*** INPUT RECORDS Section Begins ***
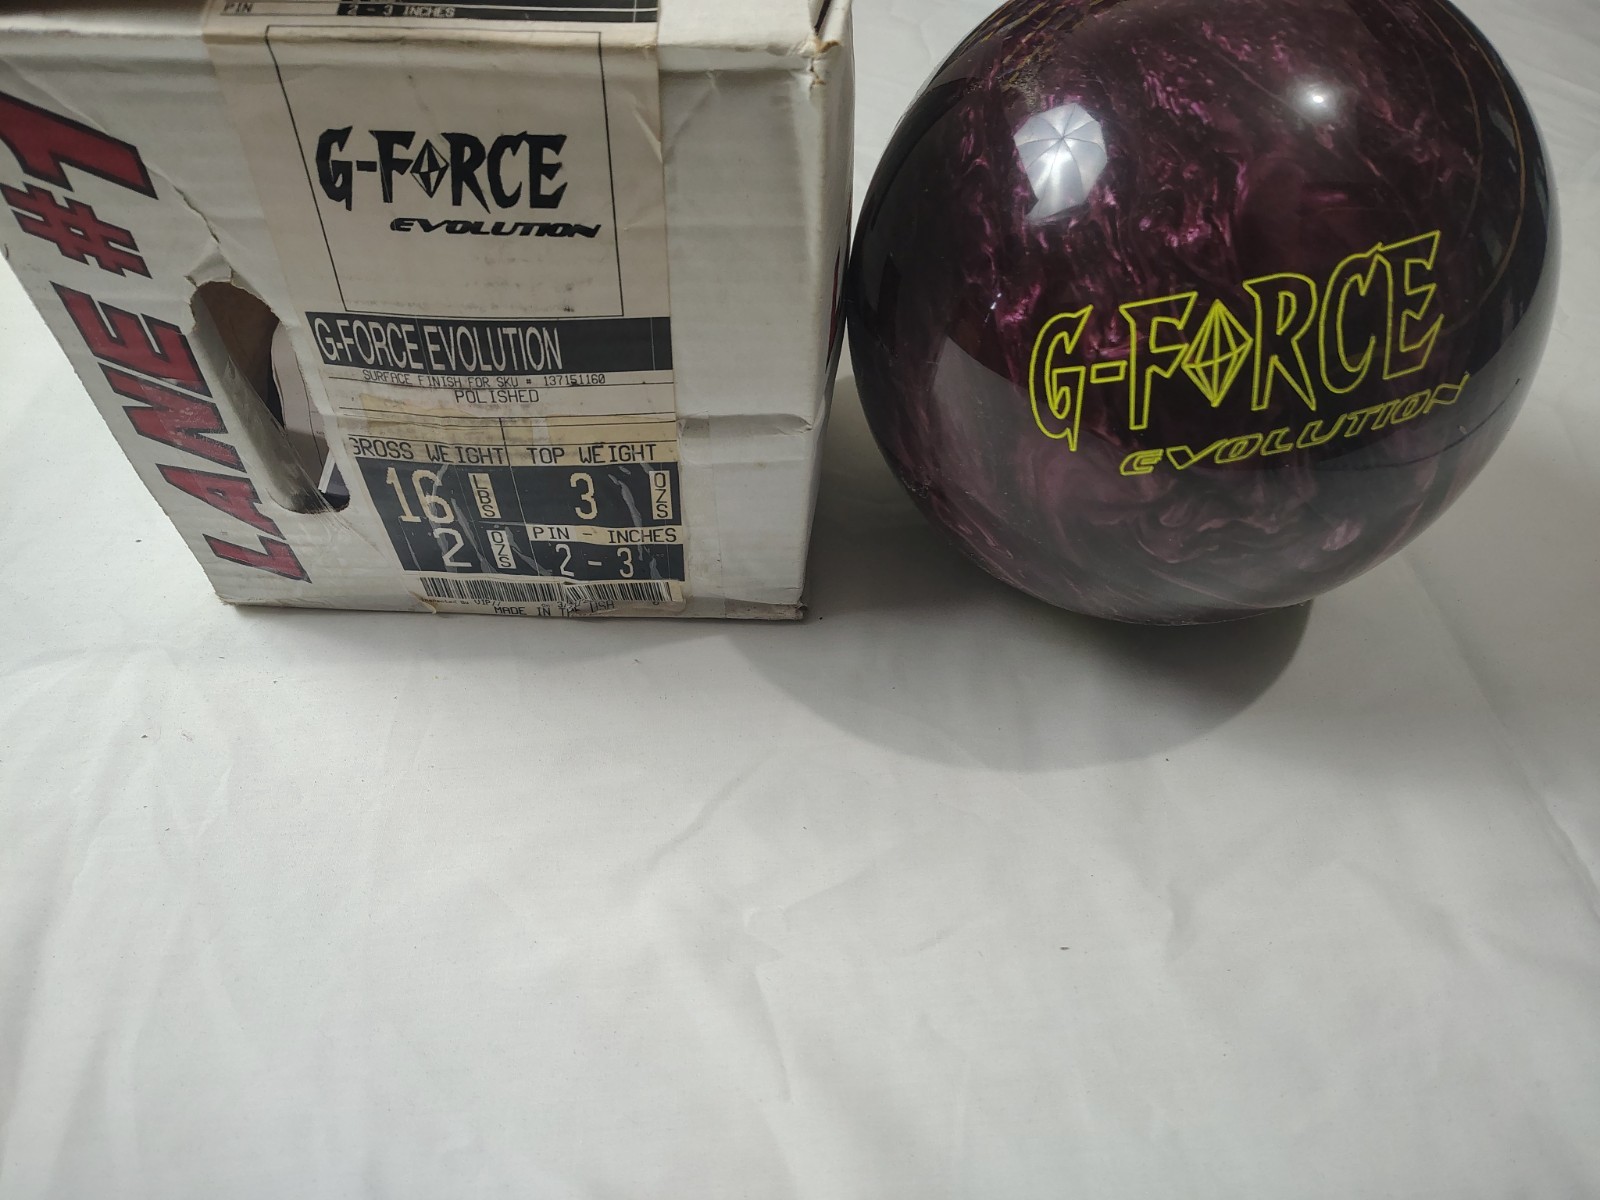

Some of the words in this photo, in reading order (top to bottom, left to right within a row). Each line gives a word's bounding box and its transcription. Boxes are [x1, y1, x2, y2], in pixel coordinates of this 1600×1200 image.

[222, 2, 254, 13] PIN
[347, 4, 358, 16] 2
[382, 4, 394, 16] 3
[403, 5, 456, 18] INCHES
[390, 217, 601, 238] EVOLUTION
[314, 317, 425, 370] G-FORCE
[424, 324, 563, 372] EVOLUTION
[362, 369, 413, 386] SURFACE
[419, 376, 462, 388] FINISH
[469, 378, 491, 388] FOR
[497, 377, 519, 389] SKU
[543, 374, 606, 387] 137151160
[455, 389, 540, 404] POLISHED
[50, 281, 312, 584] LANE
[1120, 371, 1470, 476] EVOLUTION
[425, 443, 506, 465] WEIGHT
[526, 447, 565, 465] TOP
[579, 443, 657, 465] WEIGHT
[386, 466, 455, 524] 16
[470, 473, 496, 518] LBS
[570, 472, 598, 520] 3
[533, 527, 570, 540] PIN
[608, 528, 677, 544] INCHES
[433, 528, 472, 567] 2
[555, 544, 574, 577] 2
[617, 547, 634, 578] 3
[494, 606, 526, 616] MADE
[537, 606, 551, 617] IN
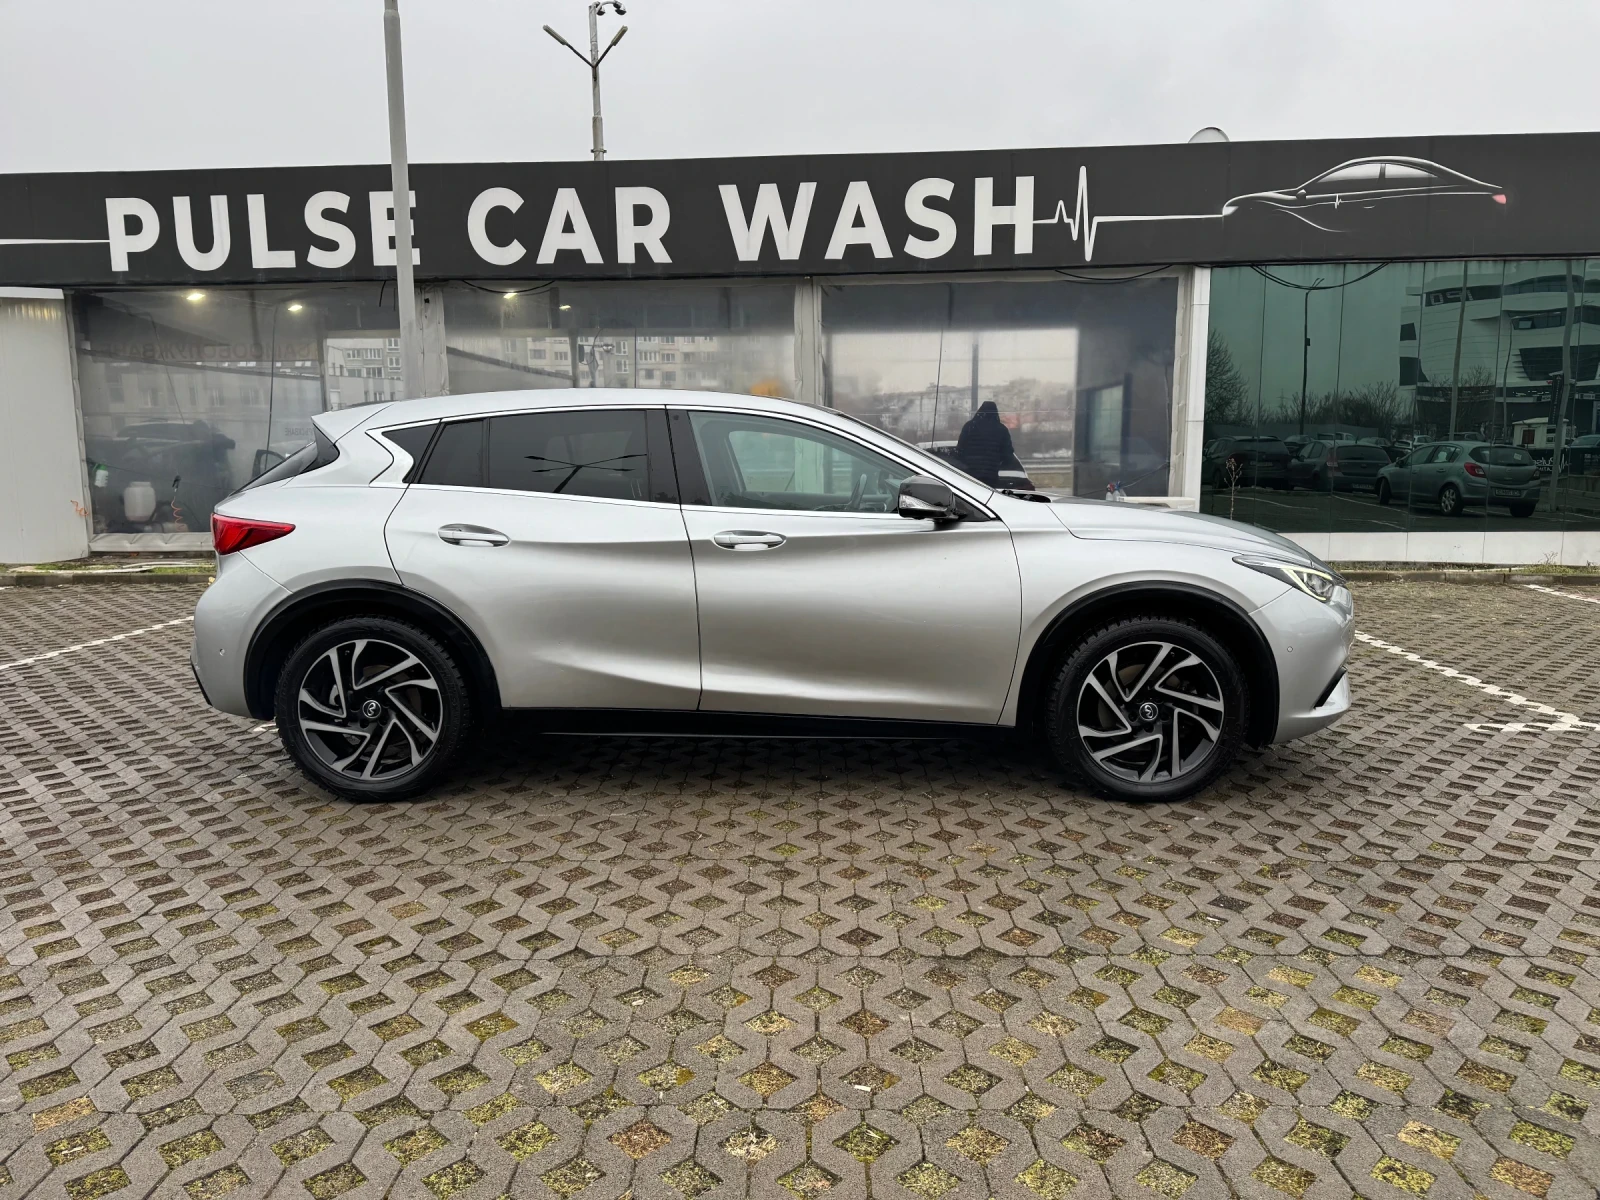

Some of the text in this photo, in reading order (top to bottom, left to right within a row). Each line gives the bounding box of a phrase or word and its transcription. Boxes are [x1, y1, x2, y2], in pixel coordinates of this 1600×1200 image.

[105, 176, 1034, 272] PULSE CAR WASH
*** INPUT RECORDS Section Ends ***
#### WORK INSTRUCTION
Word for word, quote the lines above. Omit the pictures.

#### ANSWER BOX
Some of the words in this photo, in reading order (top to bottom, left to right within a row). Each line gives a word's bounding box and its transcription. Boxes are [x1, y1, x2, y2], in pixel coordinates of this 1600×1200 image.

[222, 2, 254, 13] PIN
[347, 4, 358, 16] 2
[382, 4, 394, 16] 3
[403, 5, 456, 18] INCHES
[390, 217, 601, 238] EVOLUTION
[314, 317, 425, 370] G-FORCE
[424, 324, 563, 372] EVOLUTION
[362, 369, 413, 386] SURFACE
[419, 376, 462, 388] FINISH
[469, 378, 491, 388] FOR
[497, 377, 519, 389] SKU
[543, 374, 606, 387] 137151160
[455, 389, 540, 404] POLISHED
[50, 281, 312, 584] LANE
[1120, 371, 1470, 476] EVOLUTION
[425, 443, 506, 465] WEIGHT
[526, 447, 565, 465] TOP
[579, 443, 657, 465] WEIGHT
[386, 466, 455, 524] 16
[470, 473, 496, 518] LBS
[570, 472, 598, 520] 3
[533, 527, 570, 540] PIN
[608, 528, 677, 544] INCHES
[433, 528, 472, 567] 2
[555, 544, 574, 577] 2
[617, 547, 634, 578] 3
[494, 606, 526, 616] MADE
[537, 606, 551, 617] IN

Some of the text in this photo, in reading order (top to bottom, left to right within a row). Each line gives the bounding box of a phrase or word and its transcription. Boxes are [x1, y1, x2, y2], in pixel coordinates of this 1600×1200 image.

[105, 176, 1034, 272] PULSE CAR WASH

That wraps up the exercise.